緒言・第一章・立憲政体ノ性質及ビ職務権限ヲ論ズ。第二章・立憲政体ノ骨子。第六章・二局議院ノ制ヲ改メテ一局議院ト為スベキコトヲ論ズ。第三章・選挙権ヲ拡張シテ普通選挙ト為スベキコトヲ論ズ。第四章・地方自治ノ本性ヲ論ジテ我ガ地方新制度中ニ知事郡長ヲ公選スルノ条ヲ加ヘ、併セテ議員選挙法ノ間接ヲ改メテ直選ト為スベキコトヲ論ズ。第五章・言論集会結社ノ自由ヲ論ジテ、新聞出版集会ノ三条例ヲ廃ス可キヲ論ズ。第七章・立憲国人民ノ其国家ニ尽クス可キ徳義ノ責ヲ論ズ。第八章・政党ノ組織並ニ其職務ヲ論ジテ我国政党ノ改革ニ及ブ。第九章・国会議員ノ責任ヲ論ズ。第十章・結論。

 第六章と第三章が入れ替えられているが、当初は第一章から順次書きおろしたものをこのように編成し直したと思われる。論理の展開という関係からみると、この編成がえの方が適切であるといってよかろう。
 この原稿は「島田原稿用紙」に墨書され、四百字の原稿用紙に直すと130枚余りに及んでいる。

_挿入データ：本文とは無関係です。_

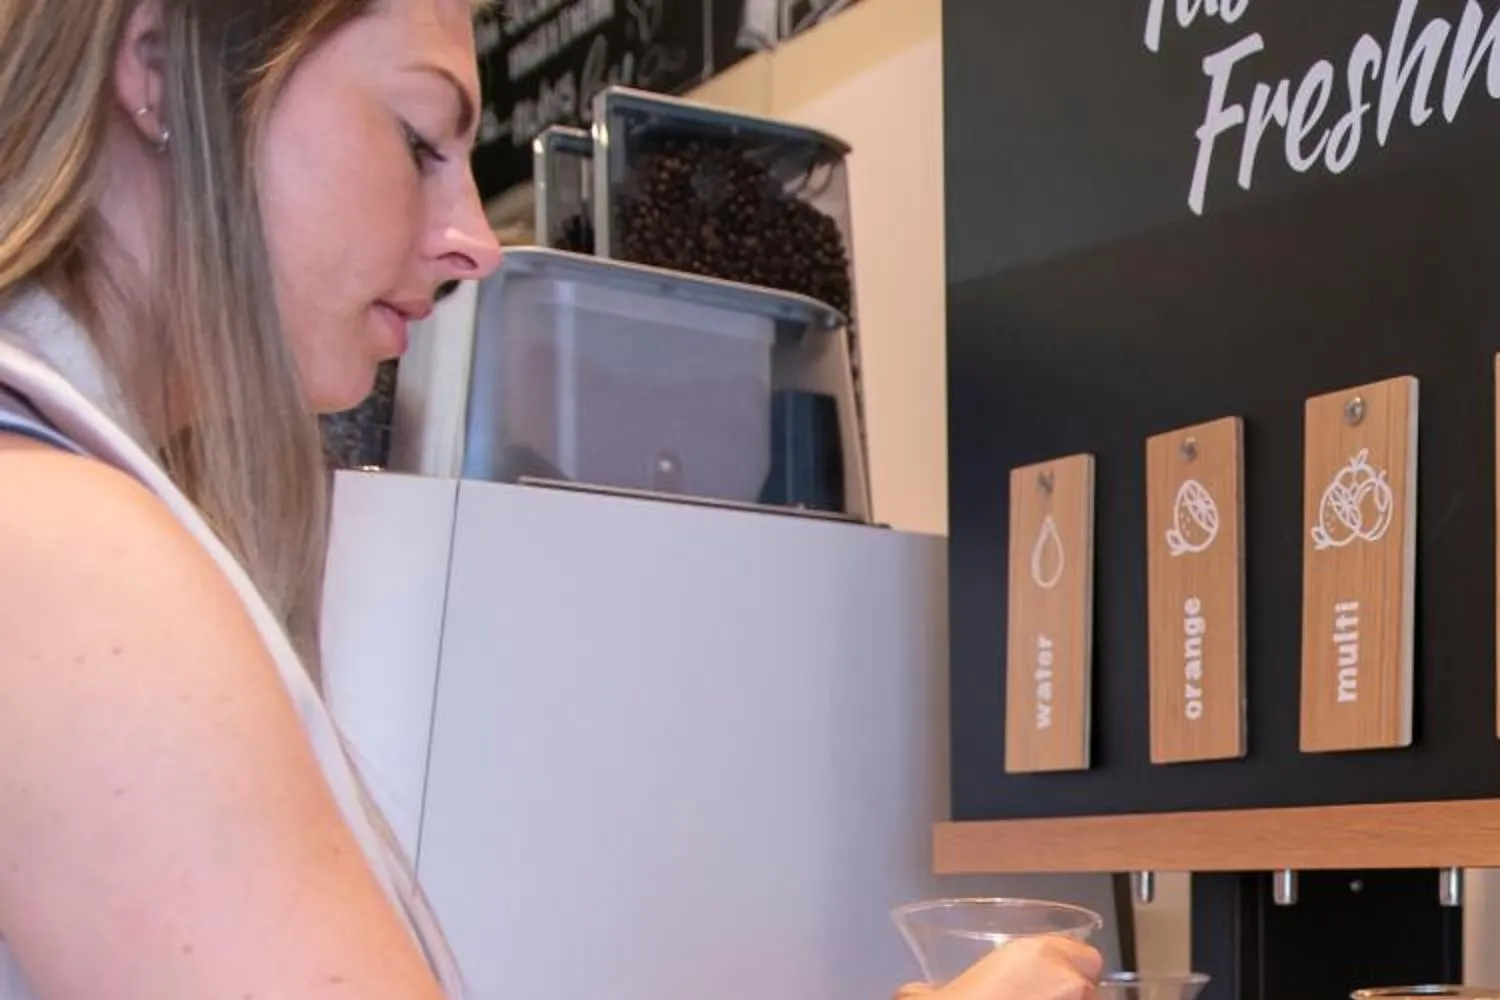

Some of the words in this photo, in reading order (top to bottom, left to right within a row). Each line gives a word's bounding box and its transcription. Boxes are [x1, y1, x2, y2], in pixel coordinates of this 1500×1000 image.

[1035, 634, 1055, 730] water
[1183, 597, 1206, 721] orange
[1333, 600, 1360, 704] multi

…

 ここで島田が主張しているのは、国民主権・一局議院制・男女普通選挙制・議院内閣制および地方自治権の確立であり、議会=立法権の政府・官僚=執行権に対する絶対的優越権を保障することこそ国民主権の実現形態であり、近代的立憲国家であるということである。
 帝国憲法が発布されるや、立憲改進党系ばかりでなく旧自由党系の理論家やそれぞれの機関紙・誌がそれをほとんど全面的に支持し賞賛する論説を発表した。もっとも、そこではこの憲法を足がかりとしながら、運用如何によってやがて議院内閣制と立法権の執行権への優越は実現されるという見通しを保留していた。だが、帝国憲法の根幹にかかわる天皇主権と絶大な天皇大権の諸規定に関しては一言の反論も行わず、また帝国憲法の発布と同時に制定された皇室典範には全く疑議をさしはさんでいないばかりか、貴族院令・衆議院議員選挙法に関してもほとんど異議を唱えていない。この点については、私はすでに幾つかの論稿で明らかにしておいたし、また本稿でも島田と比較するために随所で触れるつもりである。
 旧自由民権派の主流たちが帝国憲法を基本的に受容するなかで、島田がなぜそれらとは異質ともいうべきものを書き、それを発表しようとしていたのかは十分に検討に値するものといわなければならない。そこで、ここでは彼の主権概念、立憲政体の性格論、一院制・普通選挙論および地方自治権を取り上げ、彼がその自説をどのように具体化するための運動を行っていたかを検討することにしたい。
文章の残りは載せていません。